Task requirements: Using the string "KENDRIYA" as the key, pull each matching line out of the records below.

(Beginning of Records)

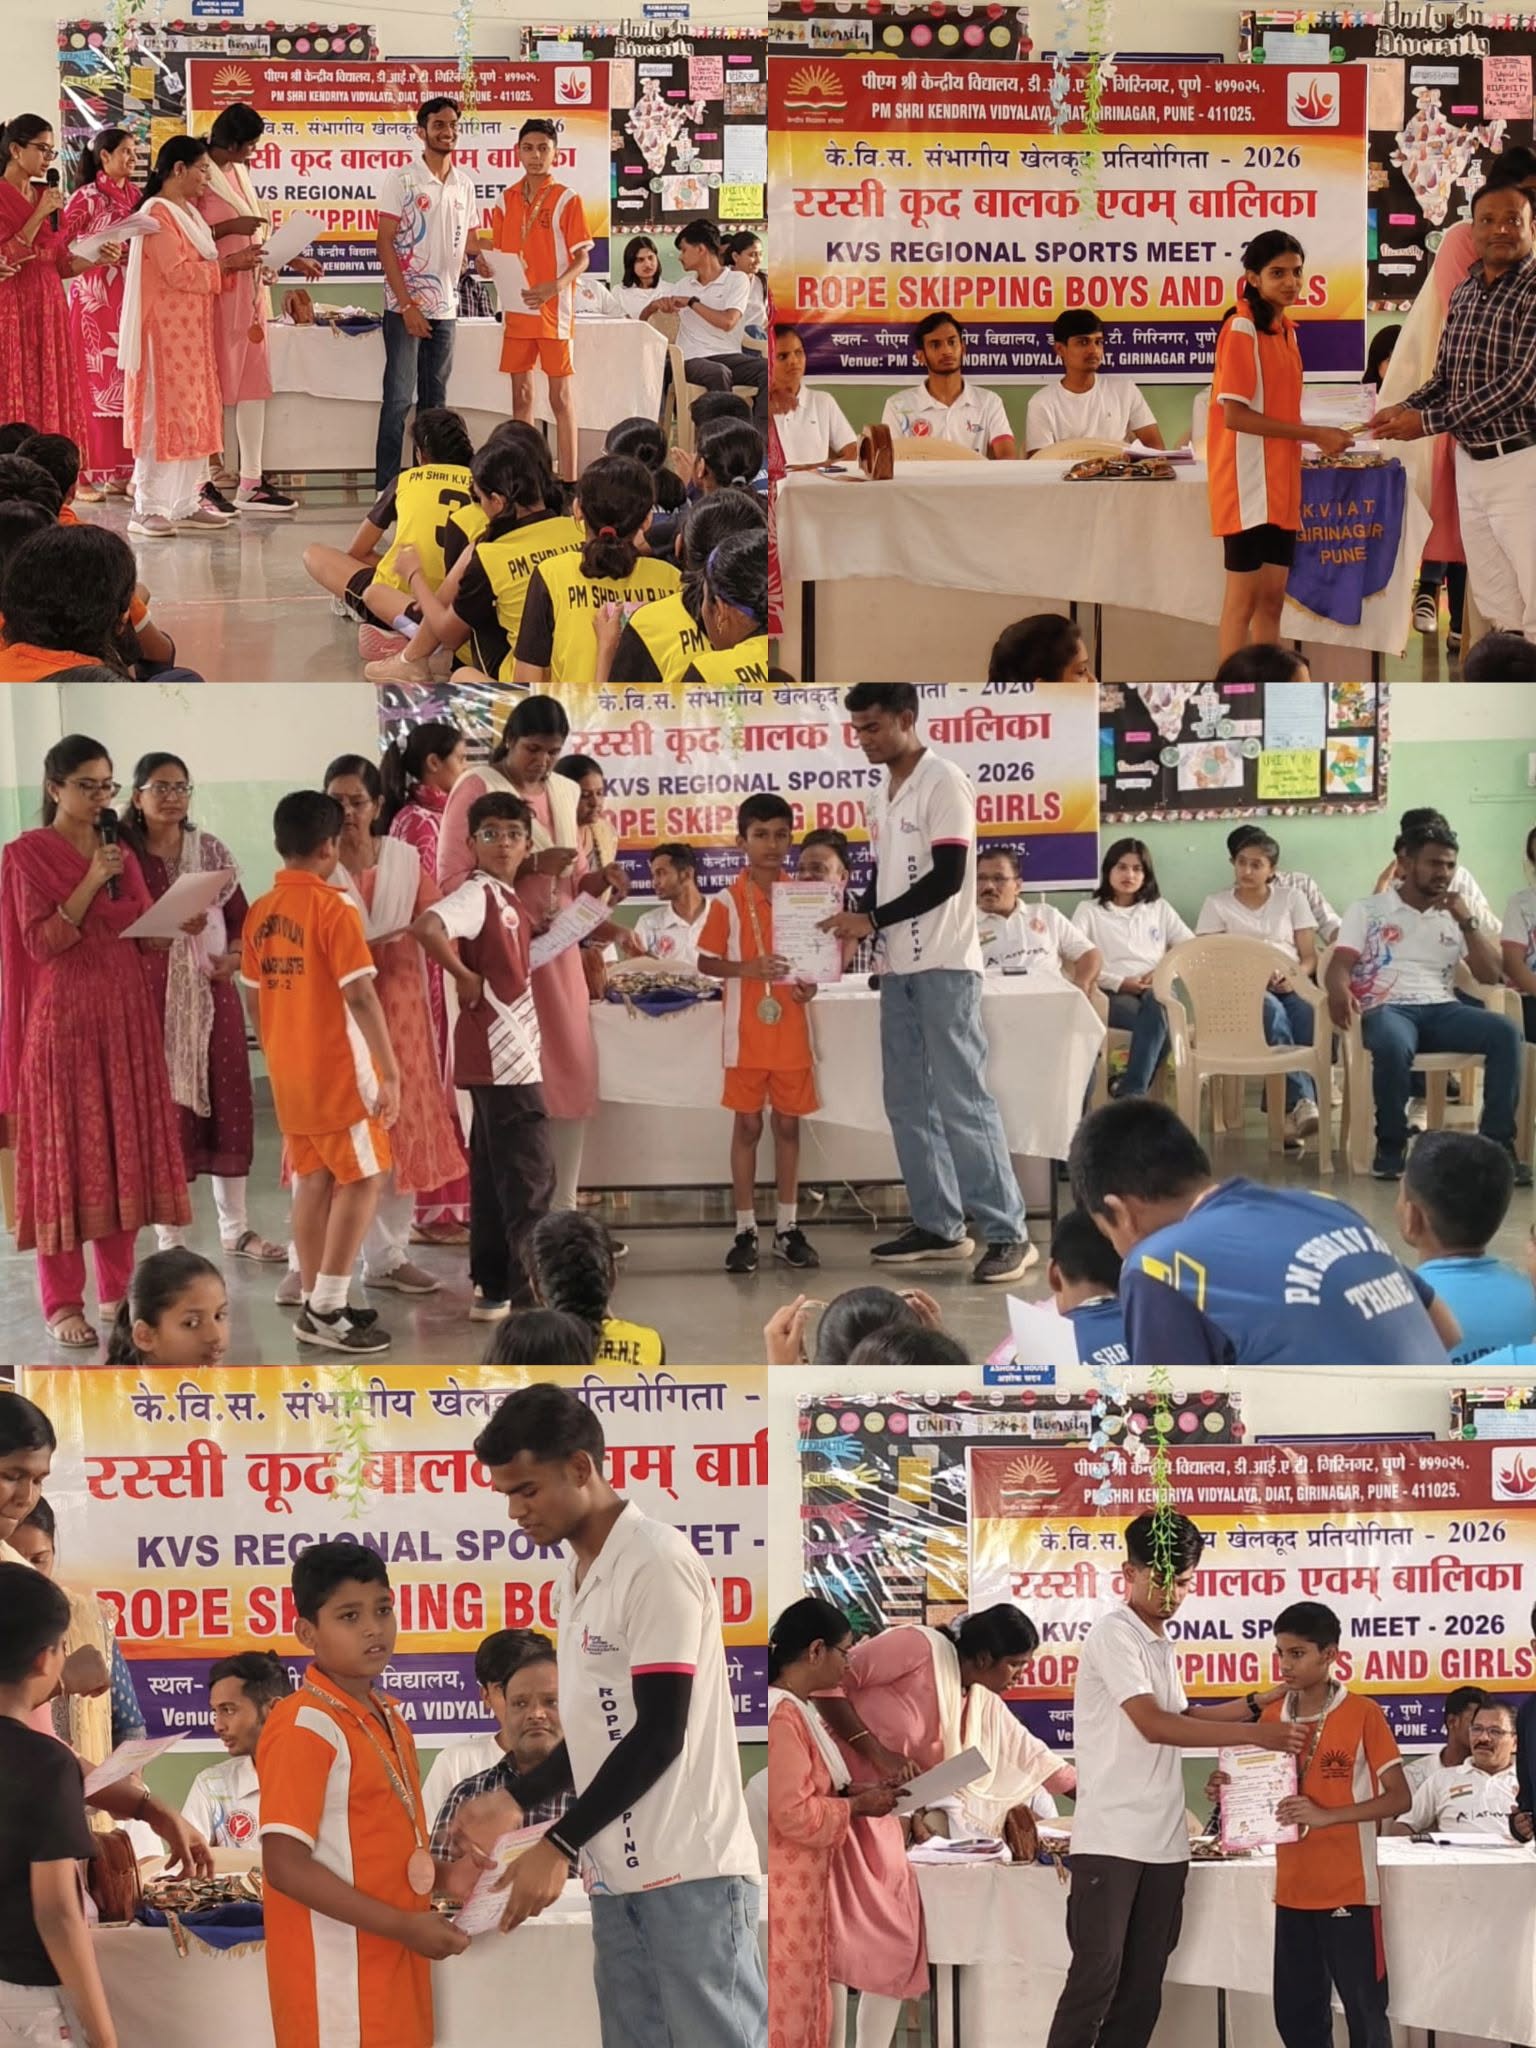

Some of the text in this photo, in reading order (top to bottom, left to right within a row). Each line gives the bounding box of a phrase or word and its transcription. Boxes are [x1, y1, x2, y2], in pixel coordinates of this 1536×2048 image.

[264, 68, 288, 83] पीएम
[290, 68, 302, 83] श्री
[861, 70, 896, 91] पीएम
[901, 70, 917, 91] श्री
[921, 70, 964, 92] केन्द्रीय
[968, 72, 1023, 93] विद्यालय,
[1179, 75, 1200, 98] पुणे
[271, 91, 285, 102] PM
[286, 91, 307, 102] SHRI
[309, 91, 349, 102] KENDRIYA
[872, 103, 891, 118] PM
[895, 103, 924, 119] SHRI
[928, 103, 986, 120] KENDRIYA
[1164, 105, 1195, 121] PUNE
[1207, 105, 1256, 122] 411025.
[824, 139, 912, 168] के.वि.स.
[924, 141, 1010, 168] संभागीय
[1102, 143, 1209, 169] प्रतियोगिता
[1243, 146, 1301, 169] 2026
[255, 184, 507, 201] VS REGIONAL EET
[792, 178, 1318, 229] रस्सी कूद बालक एवम् बालिका
[827, 241, 881, 263] KVS
[890, 241, 1027, 263] REGIONAL
[1035, 241, 1138, 263] SPORTS
[1147, 241, 1217, 263] MEET
[323, 261, 366, 272] KENDRIYA
[797, 276, 888, 309] ROPE
[899, 276, 1054, 309] SKIPPING
[1065, 275, 1149, 308] BOYS
[1159, 275, 1225, 308] AND
[874, 329, 909, 349] पीएम
[1195, 328, 1217, 348] पुणे
[840, 353, 884, 368] Venue:
[887, 353, 908, 368] PM
[962, 353, 1008, 367] NDRIYA
[1119, 352, 1185, 366] GIRINAGAR
[1189, 352, 1216, 366] PUN
[409, 471, 424, 484] PM
[508, 555, 531, 580] PM
[1320, 546, 1367, 565] PUNE
[568, 585, 589, 609] PM
[679, 628, 705, 655] PM
[571, 720, 654, 757] रस्सी
[928, 706, 1052, 744] बालिका
[603, 762, 1035, 798] KVS REGIONAL SPORTS 2026
[976, 792, 1061, 823] GIRLS
[1284, 1263, 1323, 1307] PM
[1343, 1271, 1415, 1320] THANE
[1092, 1343, 1130, 1365] SHR
[131, 1382, 266, 1423] के.वि.स.
[83, 1438, 228, 1500] रस्सी
[245, 1452, 343, 1515] कूद
[1382, 1453, 1406, 1477] पुणे
[1368, 1483, 1399, 1498] PUNE
[1411, 1482, 1461, 1498] 411025.
[137, 1535, 220, 1569] KVS
[456, 1528, 566, 1563] SPOR
[1226, 1523, 1299, 1556] खेलकूद
[1306, 1519, 1413, 1548] प्रतियोगिता
[1448, 1520, 1507, 1543] 2026
[1010, 1561, 1099, 1600] रस्सी
[1298, 1566, 1382, 1602] एवम्
[1392, 1554, 1524, 1594] बालिका
[96, 1588, 229, 1637] ROPE
[1350, 1615, 1421, 1639] MEET
[1444, 1614, 1506, 1636] 2026
[1364, 1649, 1429, 1681] AND
[1441, 1647, 1533, 1679] GIRLS
[162, 1707, 217, 1727] Venue
[598, 1687, 622, 1741] ROPE
[1394, 1724, 1427, 1738] PUNE
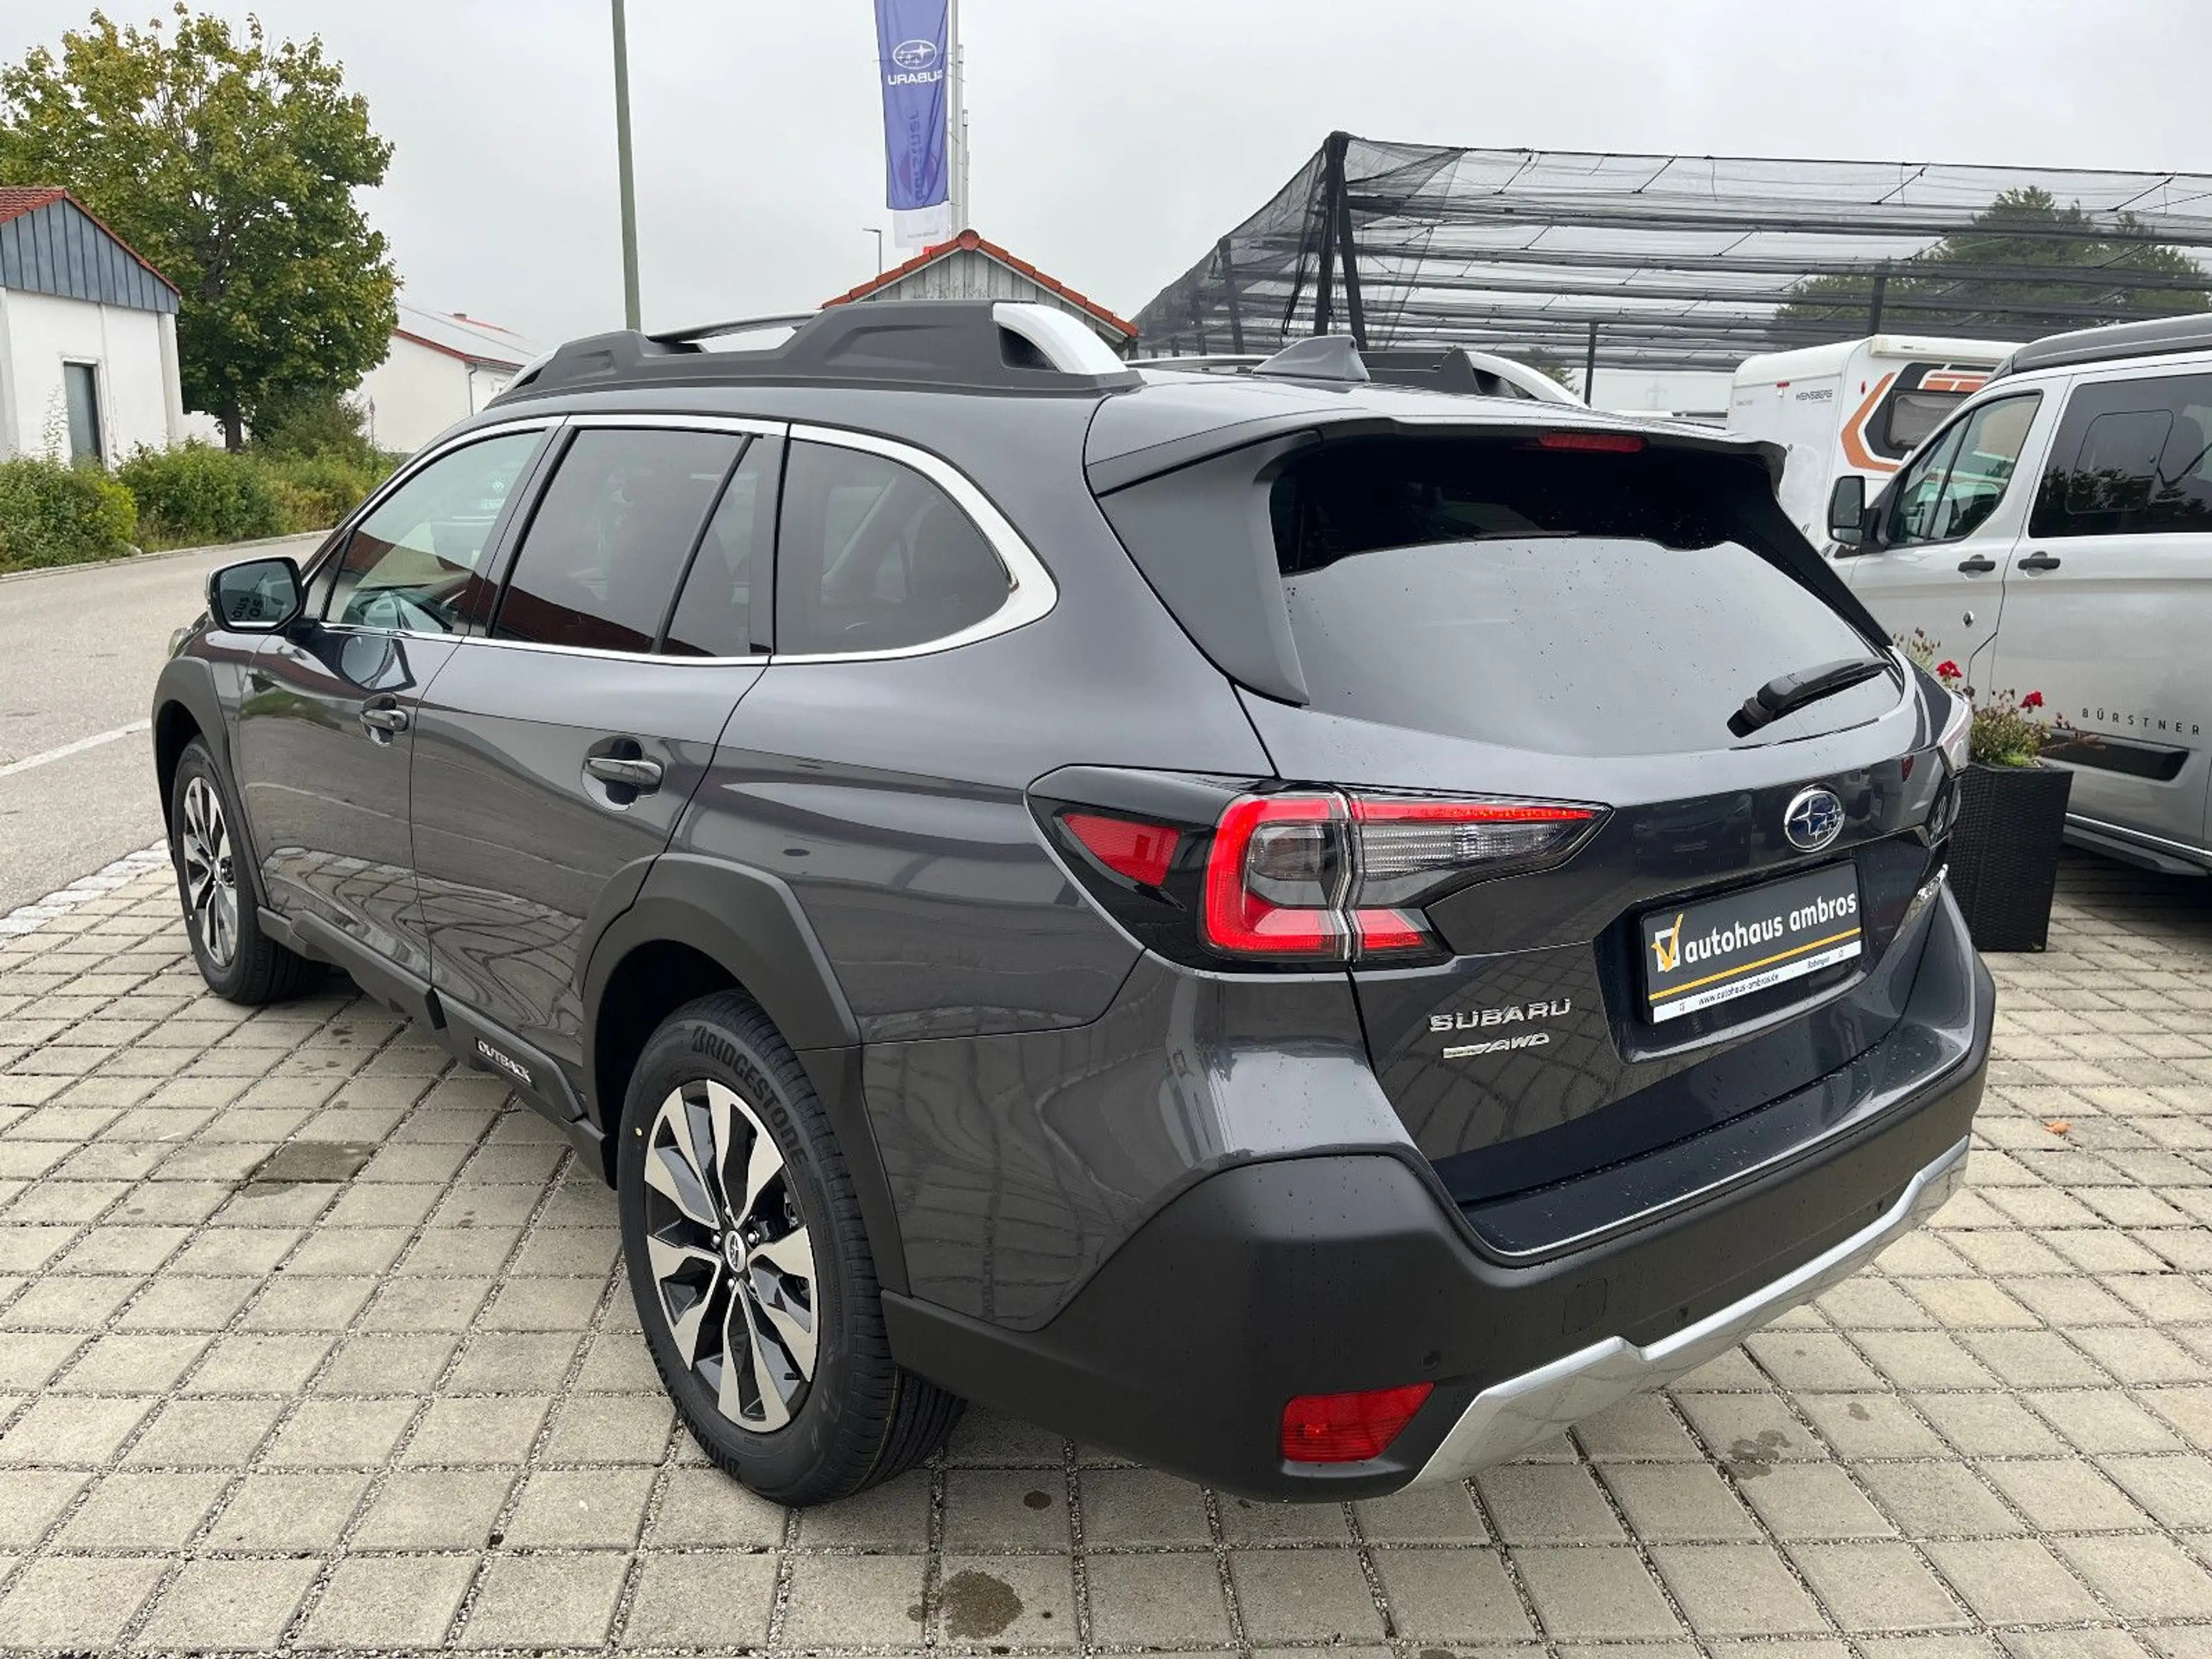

(End of Records)

Task solution:
[309, 91, 349, 102] KENDRIYA
[928, 103, 986, 120] KENDRIYA
[323, 261, 366, 272] KENDRIYA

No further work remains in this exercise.